→ Your goal:
Repeat every entry exactly. Leave nothing out.

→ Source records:
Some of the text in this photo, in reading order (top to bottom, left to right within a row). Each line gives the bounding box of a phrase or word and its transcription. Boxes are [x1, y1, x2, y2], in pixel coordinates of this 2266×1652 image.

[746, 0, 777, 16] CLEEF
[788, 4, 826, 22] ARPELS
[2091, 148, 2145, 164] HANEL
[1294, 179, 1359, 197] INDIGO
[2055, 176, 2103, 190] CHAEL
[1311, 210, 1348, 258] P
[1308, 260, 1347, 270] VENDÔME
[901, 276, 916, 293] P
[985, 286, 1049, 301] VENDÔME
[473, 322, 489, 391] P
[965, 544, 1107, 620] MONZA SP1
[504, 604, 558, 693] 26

→ Exercise solution:
Some of the text in this photo, in reading order (top to bottom, left to right within a row). Each line gives the bounding box of a phrase or word and its transcription. Boxes are [x1, y1, x2, y2], in pixel coordinates of this 2266×1652 image.

[746, 0, 777, 16] CLEEF
[788, 4, 826, 22] ARPELS
[2091, 148, 2145, 164] HANEL
[1294, 179, 1359, 197] INDIGO
[2055, 176, 2103, 190] CHAEL
[1311, 210, 1348, 258] P
[1308, 260, 1347, 270] VENDÔME
[901, 276, 916, 293] P
[985, 286, 1049, 301] VENDÔME
[473, 322, 489, 391] P
[965, 544, 1107, 620] MONZA SP1
[504, 604, 558, 693] 26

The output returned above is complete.